### Work task:
In the copy, include no images, and repeat each entry precisely as written.

⁂

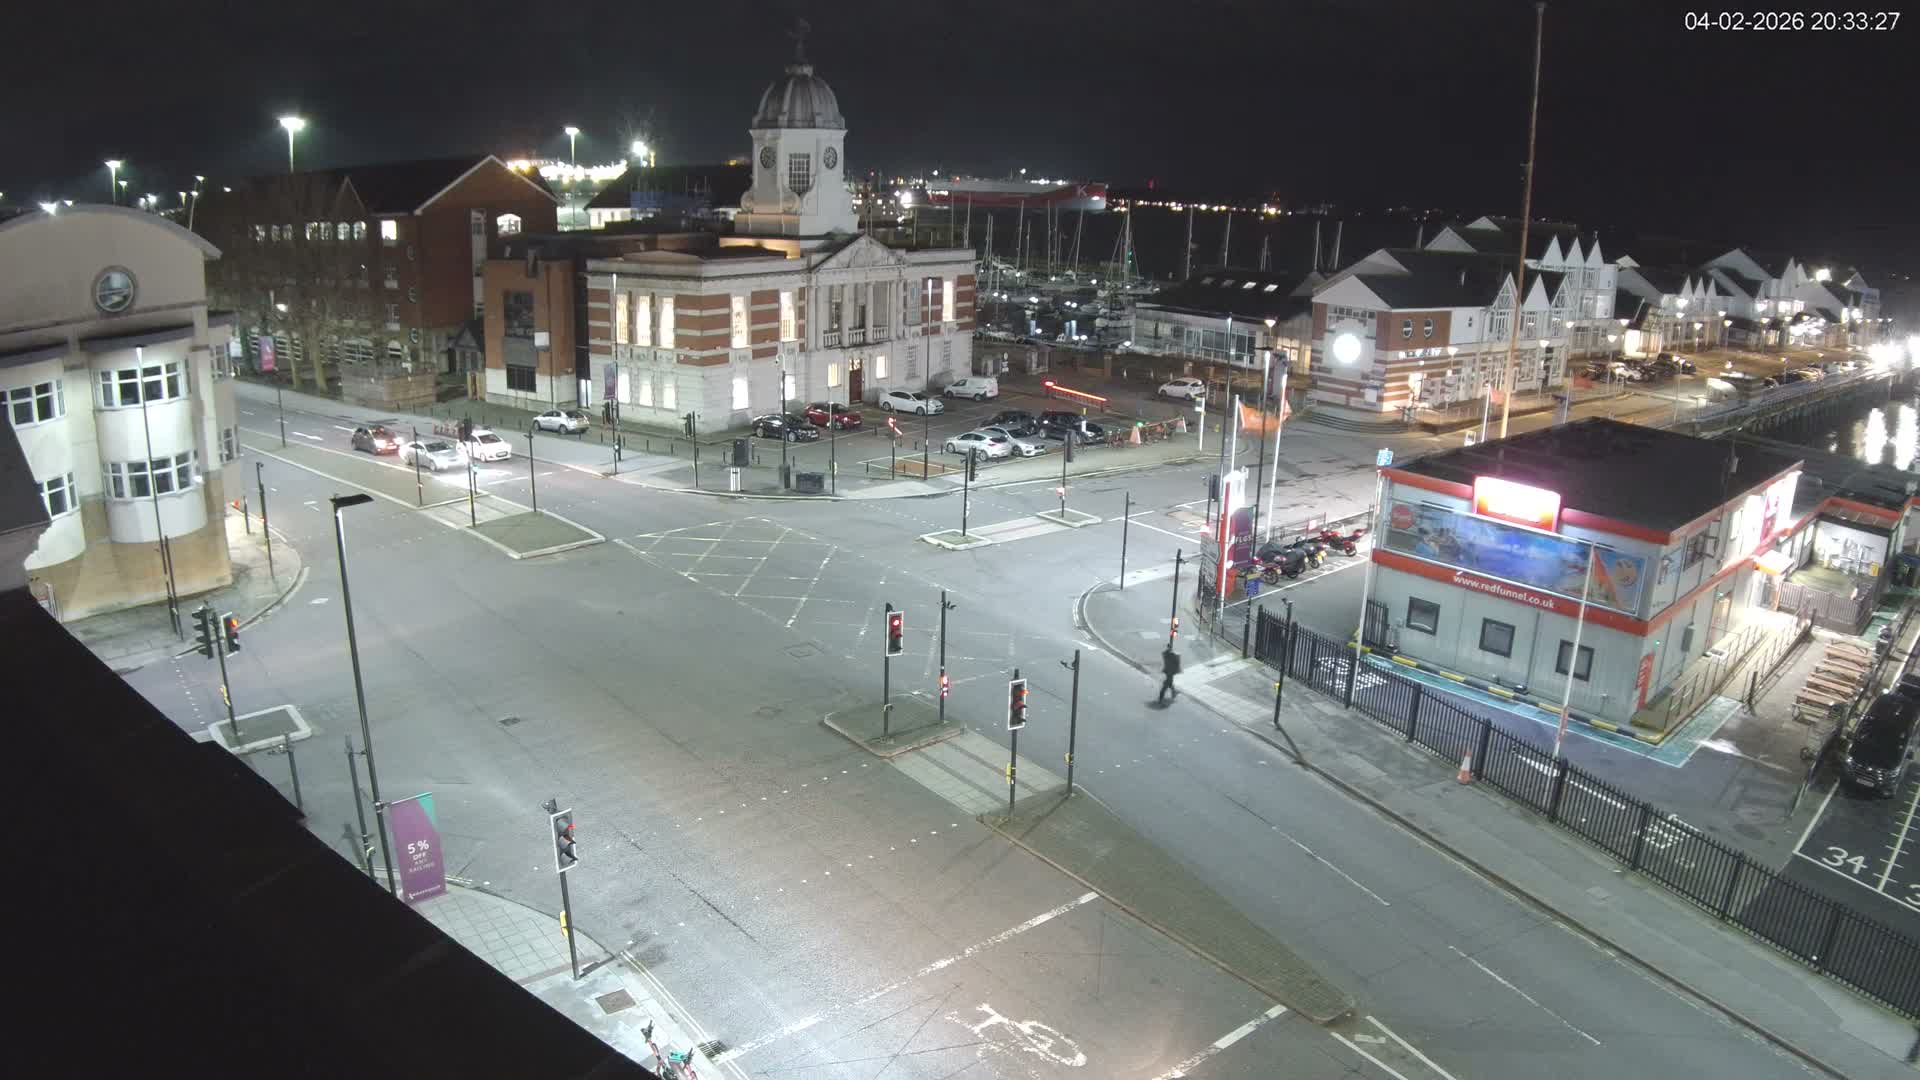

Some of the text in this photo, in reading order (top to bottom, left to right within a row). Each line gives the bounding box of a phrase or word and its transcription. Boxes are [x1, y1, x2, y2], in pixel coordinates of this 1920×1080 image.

[1453, 575, 1554, 608] www.redfunnel.co.uk
[413, 852, 427, 861] OFF
[1822, 846, 1868, 874] 34
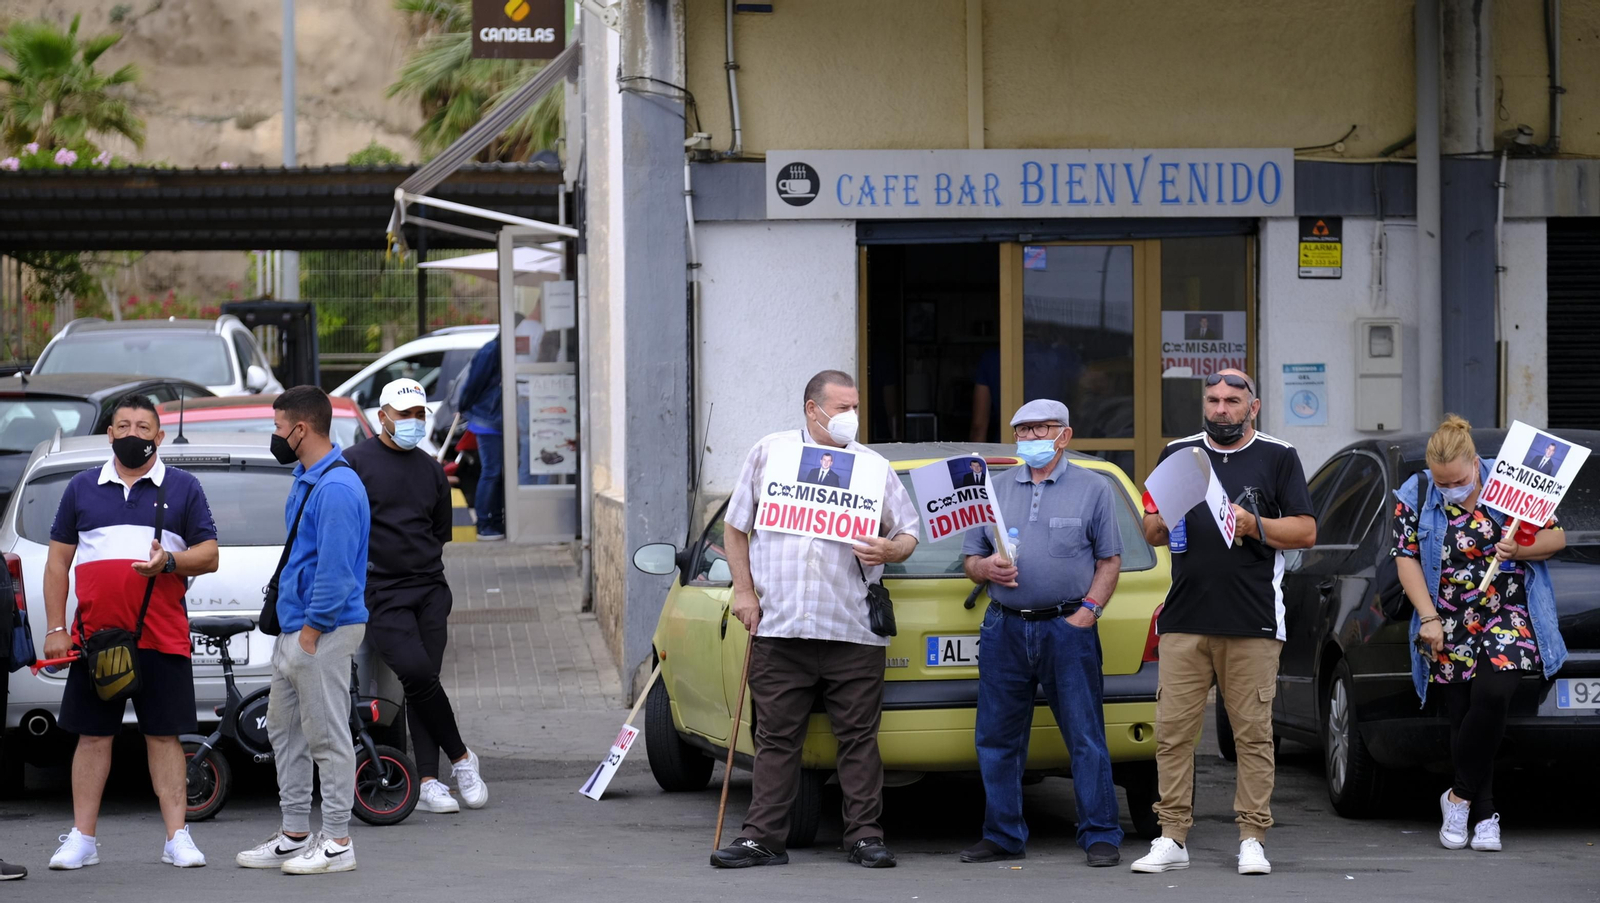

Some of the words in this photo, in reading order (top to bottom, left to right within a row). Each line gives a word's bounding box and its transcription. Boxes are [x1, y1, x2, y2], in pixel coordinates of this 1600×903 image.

[480, 27, 556, 42] CANDELAS
[836, 173, 919, 206] CAFE
[934, 173, 1001, 207] BAR
[1019, 154, 1283, 207] BIENVENIDO
[1481, 478, 1556, 523] ¡DIMISIÓN!
[759, 502, 876, 540] ¡DIMISIÓN!
[943, 640, 970, 662] AL
[1574, 682, 1600, 704] 92
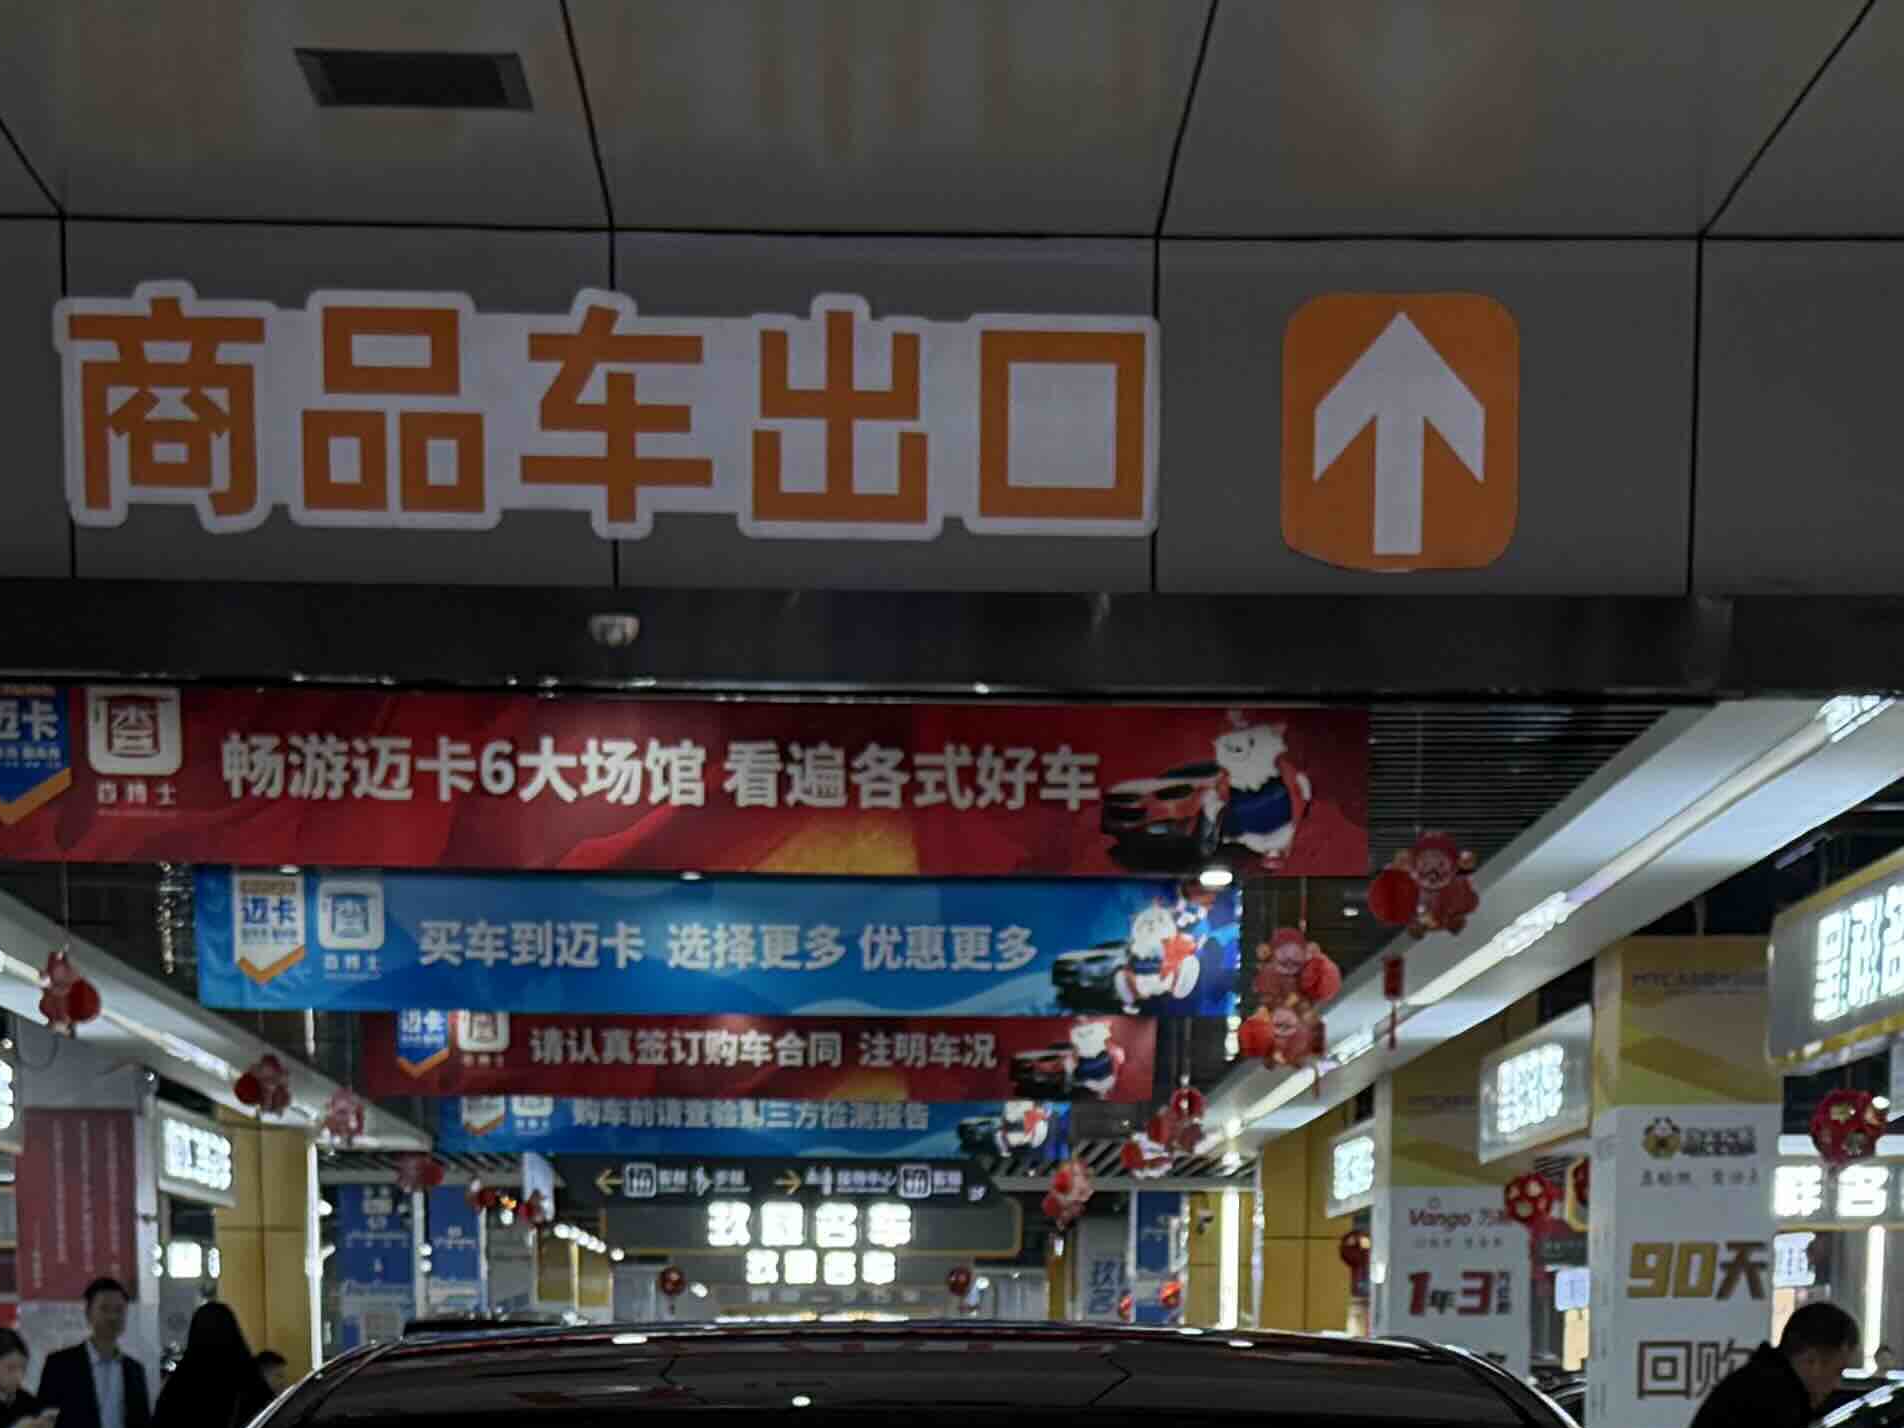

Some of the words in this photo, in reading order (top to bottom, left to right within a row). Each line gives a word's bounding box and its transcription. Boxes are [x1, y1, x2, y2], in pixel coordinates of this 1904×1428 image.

[69, 297, 1146, 525] 商品车出口
[223, 733, 706, 806] 畅游迈卡6大场馆
[723, 740, 1099, 812] 看遍各式好车
[418, 920, 645, 969] 买车到迈卡
[666, 923, 846, 972] 选择更多
[858, 924, 1038, 973] 优惠更多
[530, 1026, 844, 1068] 请认真签订购车合同
[859, 1029, 998, 1069] 注明车况
[1627, 1241, 1769, 1301] 90天

⁂

### Your response:
Some of the text in this photo, in reading order (top to bottom, left to right within a row). Each line gives the bounding box of a phrase or word and its transcription. Boxes are [x1, y1, x2, y2], in pixel coordinates of this 1920×1080 image.

[1453, 575, 1554, 608] www.redfunnel.co.uk
[413, 852, 427, 861] OFF
[1822, 846, 1868, 874] 34

Some of the words in this photo, in reading order (top to bottom, left to right within a row). Each line gives a word's bounding box and its transcription. Boxes are [x1, y1, x2, y2], in pixel coordinates of this 1600×903 image.

[480, 27, 556, 42] CANDELAS
[836, 173, 919, 206] CAFE
[934, 173, 1001, 207] BAR
[1019, 154, 1283, 207] BIENVENIDO
[1481, 478, 1556, 523] ¡DIMISIÓN!
[759, 502, 876, 540] ¡DIMISIÓN!
[943, 640, 970, 662] AL
[1574, 682, 1600, 704] 92

Some of the words in this photo, in reading order (top to bottom, left to right within a row). Each line gives a word's bounding box and its transcription. Boxes are [x1, y1, x2, y2], in pixel coordinates of this 1904×1428 image.

[69, 297, 1146, 525] 商品车出口
[223, 733, 706, 806] 畅游迈卡6大场馆
[723, 740, 1099, 812] 看遍各式好车
[418, 920, 645, 969] 买车到迈卡
[666, 923, 846, 972] 选择更多
[858, 924, 1038, 973] 优惠更多
[530, 1026, 844, 1068] 请认真签订购车合同
[859, 1029, 998, 1069] 注明车况
[1627, 1241, 1769, 1301] 90天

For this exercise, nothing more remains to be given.